Exercise instructions: Write out each record below exactly as it appears, with no pictures.

Material for this task:
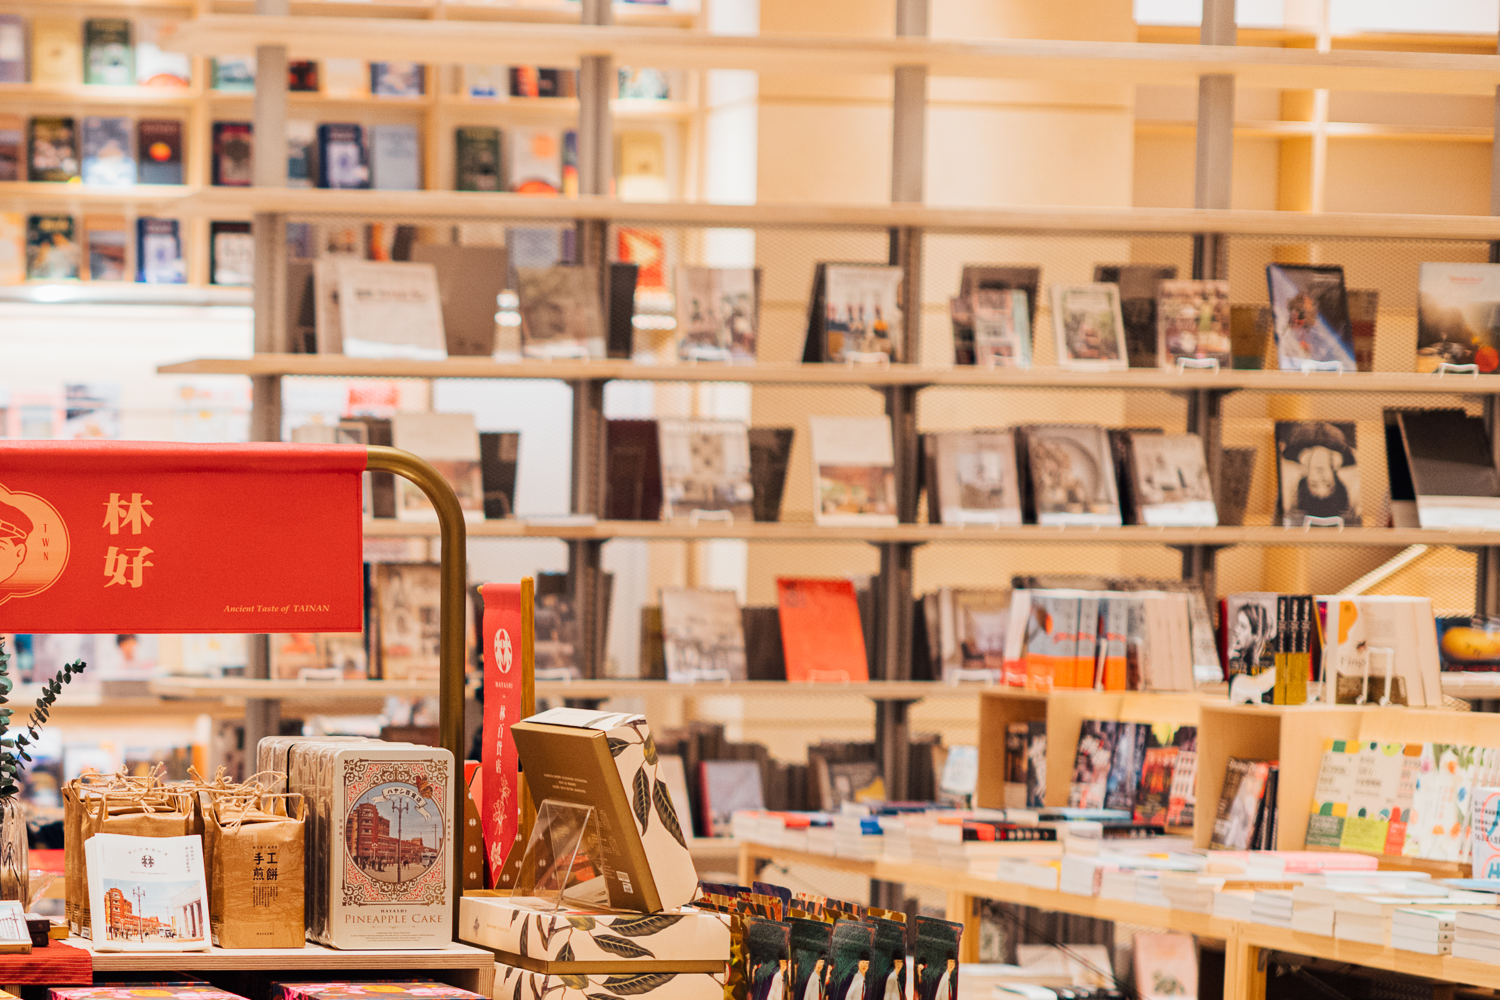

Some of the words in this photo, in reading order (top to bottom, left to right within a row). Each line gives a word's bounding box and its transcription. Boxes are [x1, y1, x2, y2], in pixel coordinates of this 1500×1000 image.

[41, 522, 50, 562] TWN
[101, 492, 155, 589] 林好
[223, 605, 255, 613] Ancient
[256, 604, 279, 612] Taste
[280, 604, 291, 615] of
[293, 604, 330, 612] TAINAN
[495, 704, 506, 774] 林百貨店
[345, 914, 407, 924] PINEAPPLE
[411, 913, 443, 924] CAKE

Result of the task:
Some of the words in this photo, in reading order (top to bottom, left to right within a row). Each line gives a word's bounding box and its transcription. Boxes are [x1, y1, x2, y2], in pixel coordinates of this 1500×1000 image.

[41, 522, 50, 562] TWN
[101, 492, 155, 589] 林好
[223, 605, 255, 613] Ancient
[256, 604, 279, 612] Taste
[280, 604, 291, 615] of
[293, 604, 330, 612] TAINAN
[495, 704, 506, 774] 林百貨店
[345, 914, 407, 924] PINEAPPLE
[411, 913, 443, 924] CAKE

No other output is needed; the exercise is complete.